While copying the entries exactly, leave out each picture they contain.
===== EXTRACTED DATA
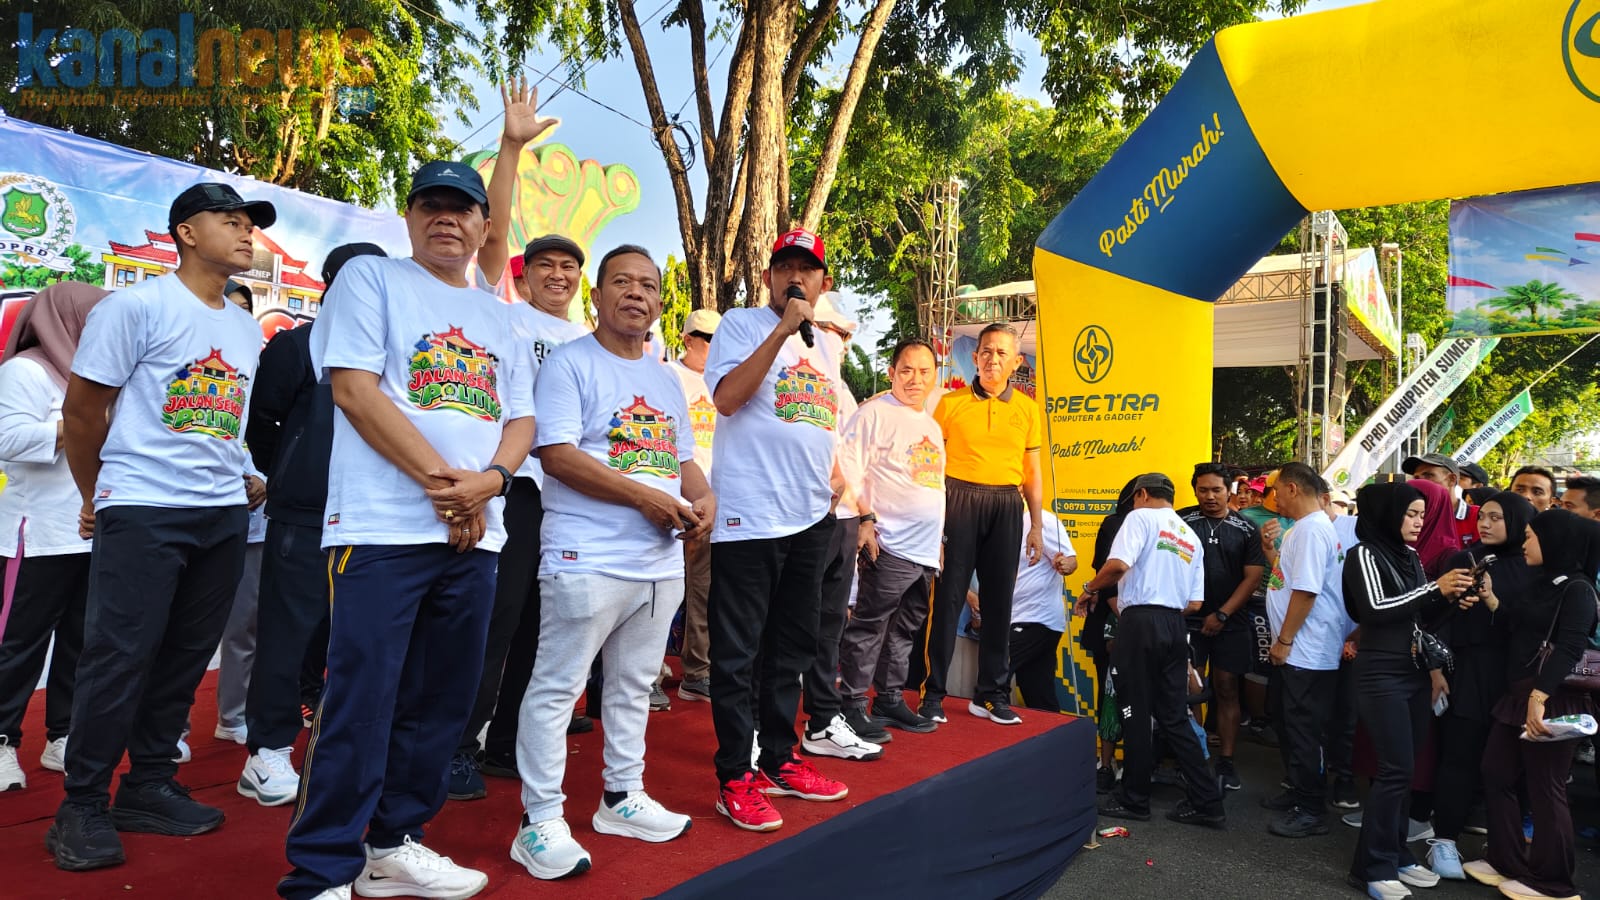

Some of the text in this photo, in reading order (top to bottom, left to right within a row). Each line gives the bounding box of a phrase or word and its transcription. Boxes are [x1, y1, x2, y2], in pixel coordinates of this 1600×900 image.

[1099, 112, 1225, 257] Pasti Murah!
[408, 367, 465, 392] JALAN
[163, 394, 213, 413] JALAN
[775, 391, 811, 409] JALAN
[1045, 393, 1160, 414] SPECTRA
[1360, 422, 1388, 452] DPRD
[1384, 368, 1440, 428] KABUPATEN
[1053, 414, 1094, 422] COMPUTER
[1104, 413, 1143, 421] GADGET
[1464, 426, 1496, 457] KABUPATEN
[1494, 403, 1521, 429] SUMENEP
[608, 438, 653, 458] JALAN
[1052, 435, 1146, 458] Pasti Murah!
[1063, 502, 1086, 511] 0878
[1088, 503, 1112, 511] 7857
[1254, 615, 1271, 664] adidas
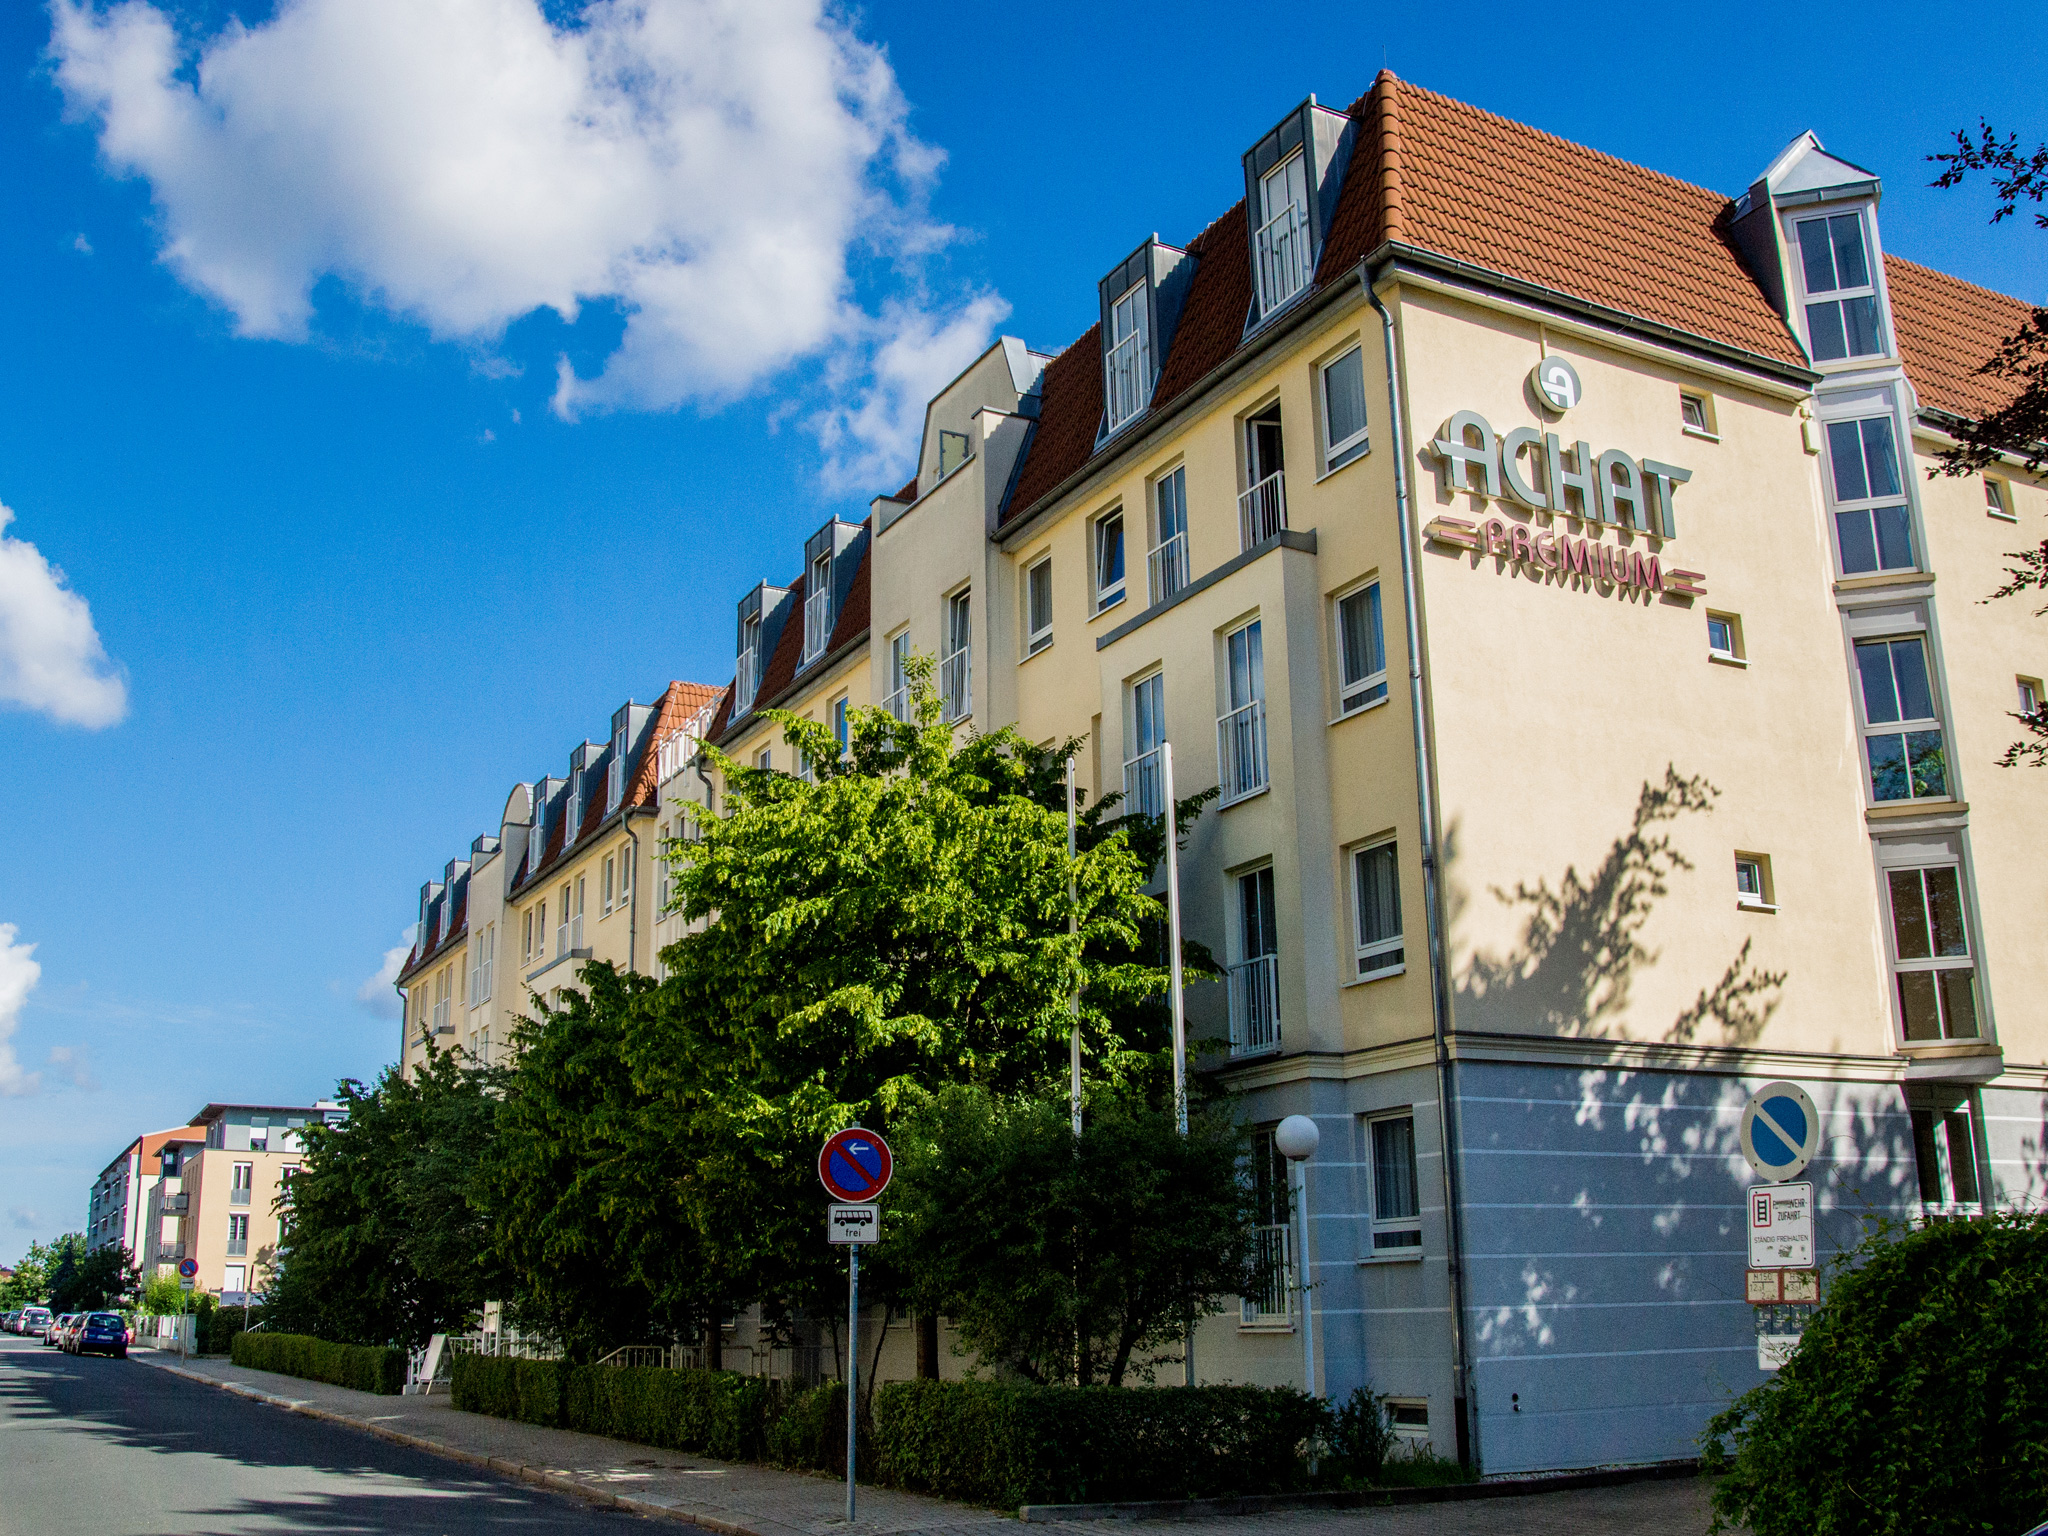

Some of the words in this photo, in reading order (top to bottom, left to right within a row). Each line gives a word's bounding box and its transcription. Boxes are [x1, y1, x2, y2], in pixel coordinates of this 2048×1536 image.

[1433, 410, 1693, 540] ACHAT
[1486, 518, 1665, 592] PREMIUM
[845, 1228, 862, 1237] frei
[1777, 1211, 1801, 1221] ZUFAHRT
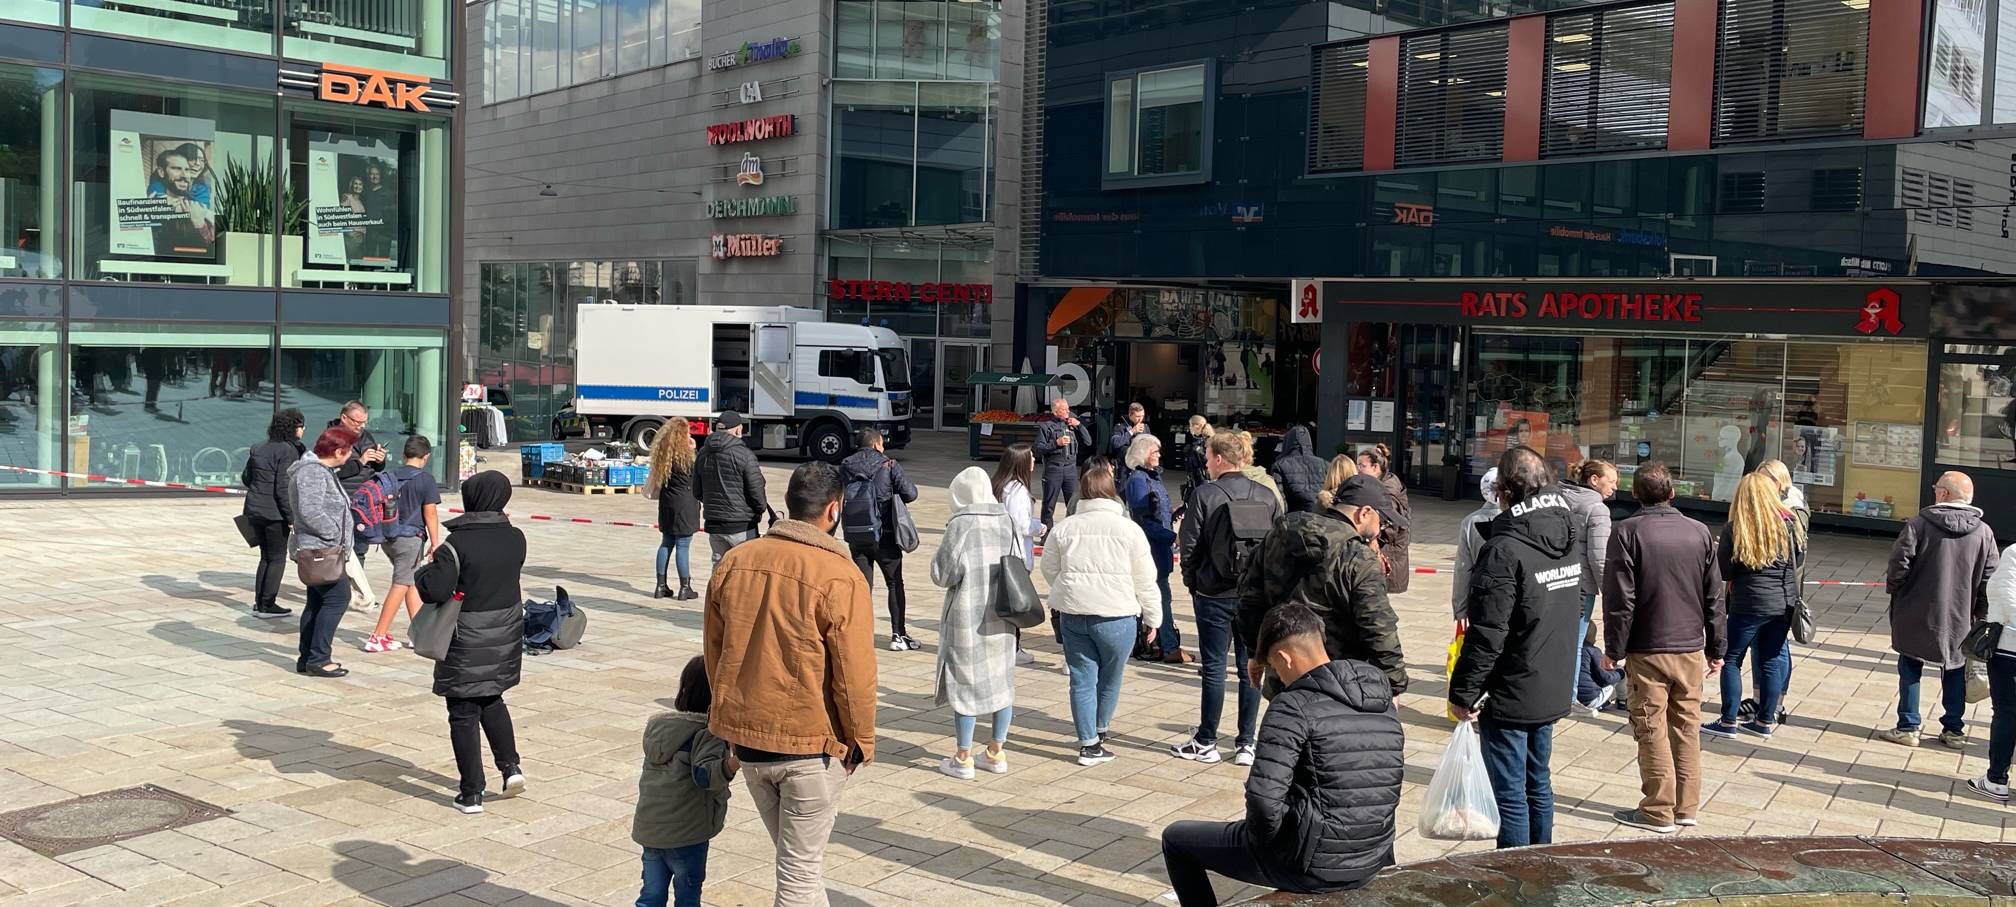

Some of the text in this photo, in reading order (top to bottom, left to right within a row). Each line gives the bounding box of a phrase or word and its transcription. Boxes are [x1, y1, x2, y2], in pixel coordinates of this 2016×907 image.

[321, 63, 432, 112] DAK
[706, 114, 793, 146] WOOLWORTH
[741, 152, 760, 173] dm
[706, 196, 793, 218] DEICHMANN
[727, 234, 782, 257] Müller
[831, 280, 911, 301] STERN
[1461, 292, 1528, 318] RATS
[1538, 293, 1703, 321] APOTHEKE
[658, 389, 699, 400] POLIZEI
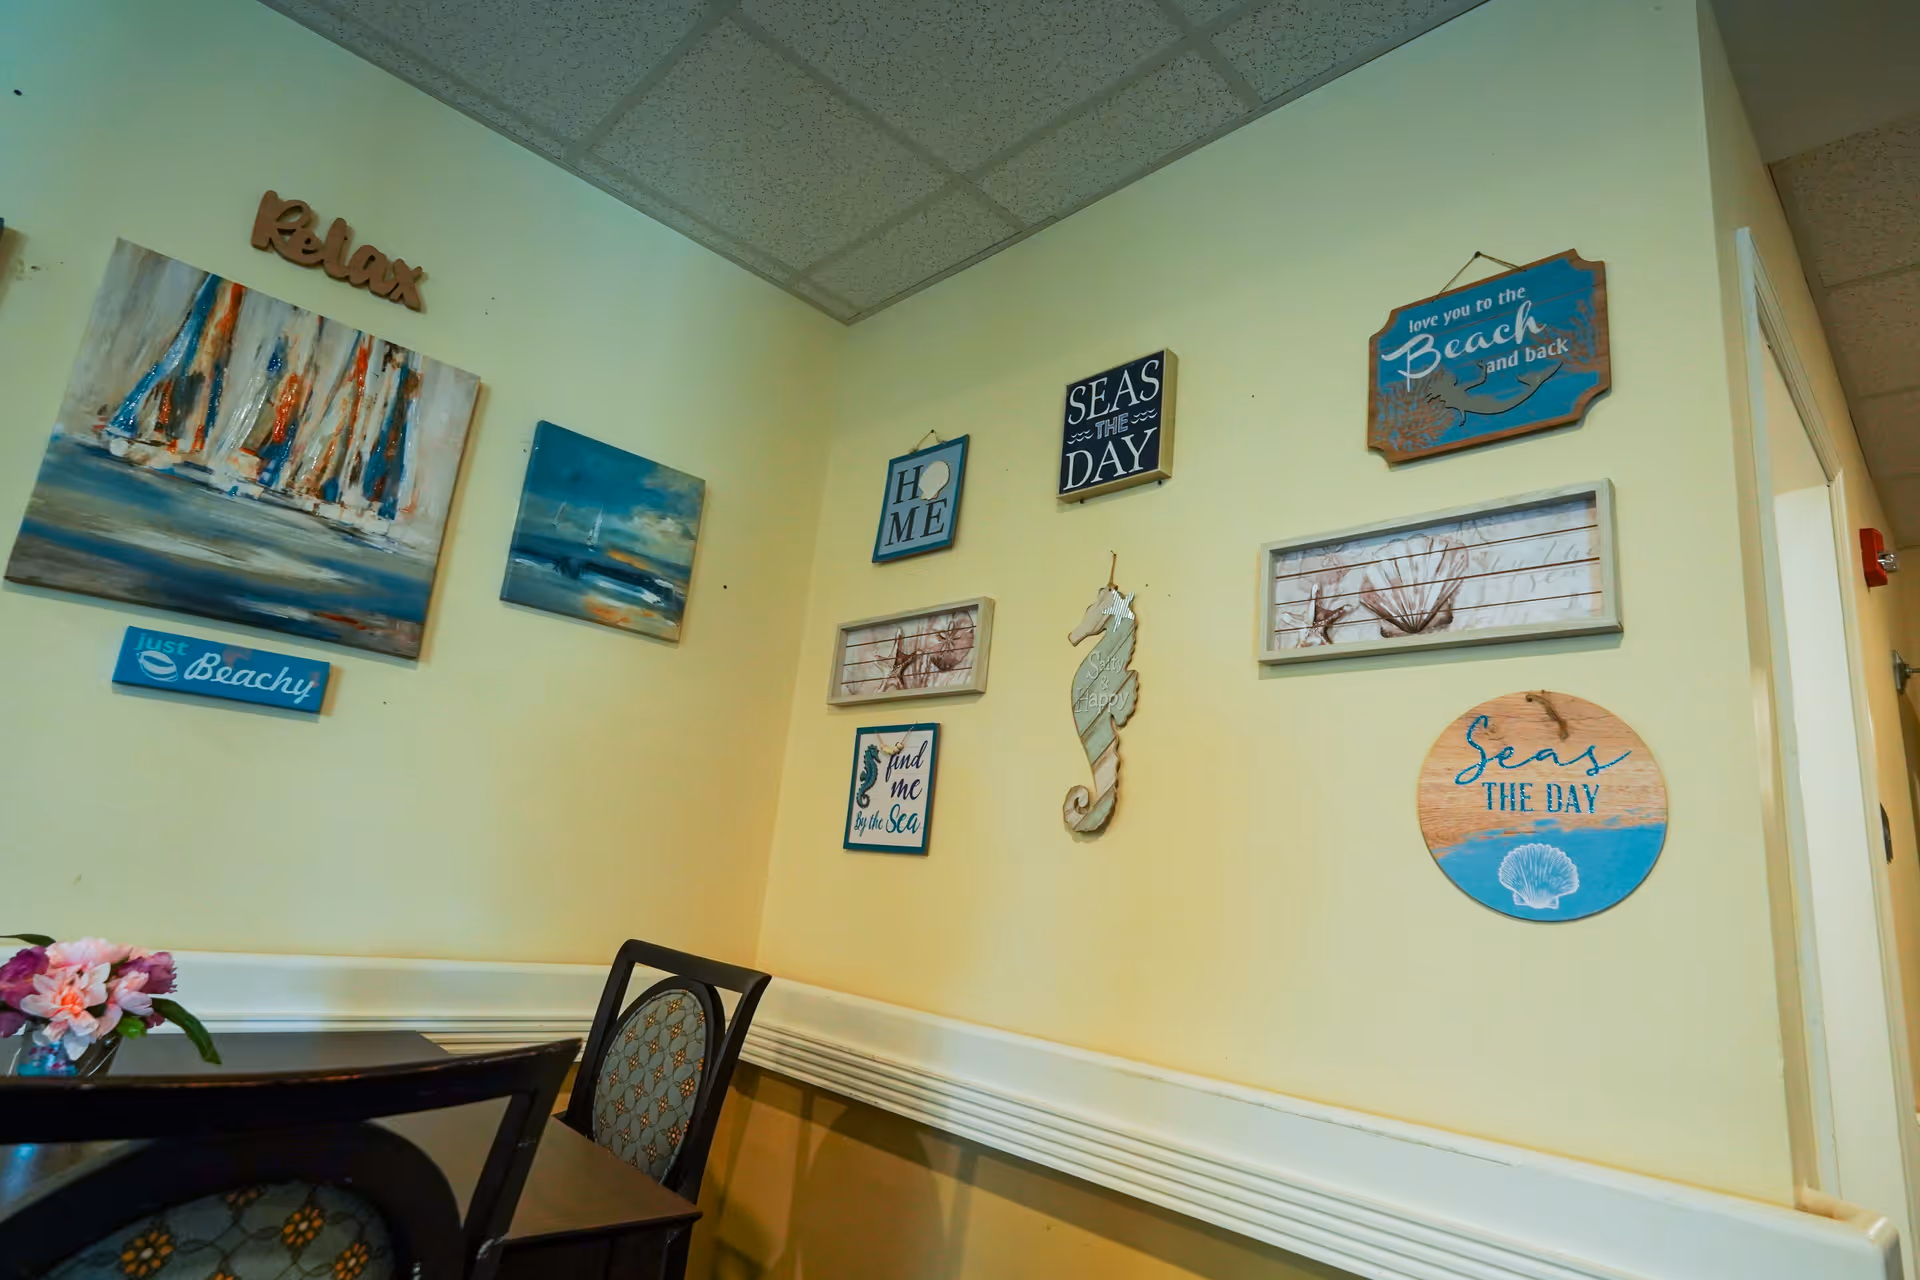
==========
=== RESULT ===
Some of the text in this photo, in reading order (top to bottom, left to right within a row). Each line gives the bounding box of a phrase or word and its transcription. Boxes are [x1, y1, x2, y2], in pixel coordinates of this 1600×900 image.

[1099, 112, 1225, 257] Pasti Murah!
[408, 367, 465, 392] JALAN
[163, 394, 213, 413] JALAN
[775, 391, 811, 409] JALAN
[1045, 393, 1160, 414] SPECTRA
[1360, 422, 1388, 452] DPRD
[1384, 368, 1440, 428] KABUPATEN
[1053, 414, 1094, 422] COMPUTER
[1104, 413, 1143, 421] GADGET
[1464, 426, 1496, 457] KABUPATEN
[1494, 403, 1521, 429] SUMENEP
[608, 438, 653, 458] JALAN
[1052, 435, 1146, 458] Pasti Murah!
[1063, 502, 1086, 511] 0878
[1088, 503, 1112, 511] 7857
[1254, 615, 1271, 664] adidas

Some of the words in this photo, in reading order (top to bottom, left to right within a row). Each line gives a word's bounding box and its transcription. Boxes are [x1, y1, x2, y2], in pixel coordinates of this 2048×1536 image.

[1433, 410, 1693, 540] ACHAT
[1486, 518, 1665, 592] PREMIUM
[845, 1228, 862, 1237] frei
[1777, 1211, 1801, 1221] ZUFAHRT

Some of the text in this photo, in reading order (top to bottom, left to right within a row). Each line gives the bounding box of a phrase or word and its transcription. Boxes are [x1, y1, x2, y2], in pixel coordinates of this 2016×907 image.

[321, 63, 432, 112] DAK
[706, 114, 793, 146] WOOLWORTH
[741, 152, 760, 173] dm
[706, 196, 793, 218] DEICHMANN
[727, 234, 782, 257] Müller
[831, 280, 911, 301] STERN
[1461, 292, 1528, 318] RATS
[1538, 293, 1703, 321] APOTHEKE
[658, 389, 699, 400] POLIZEI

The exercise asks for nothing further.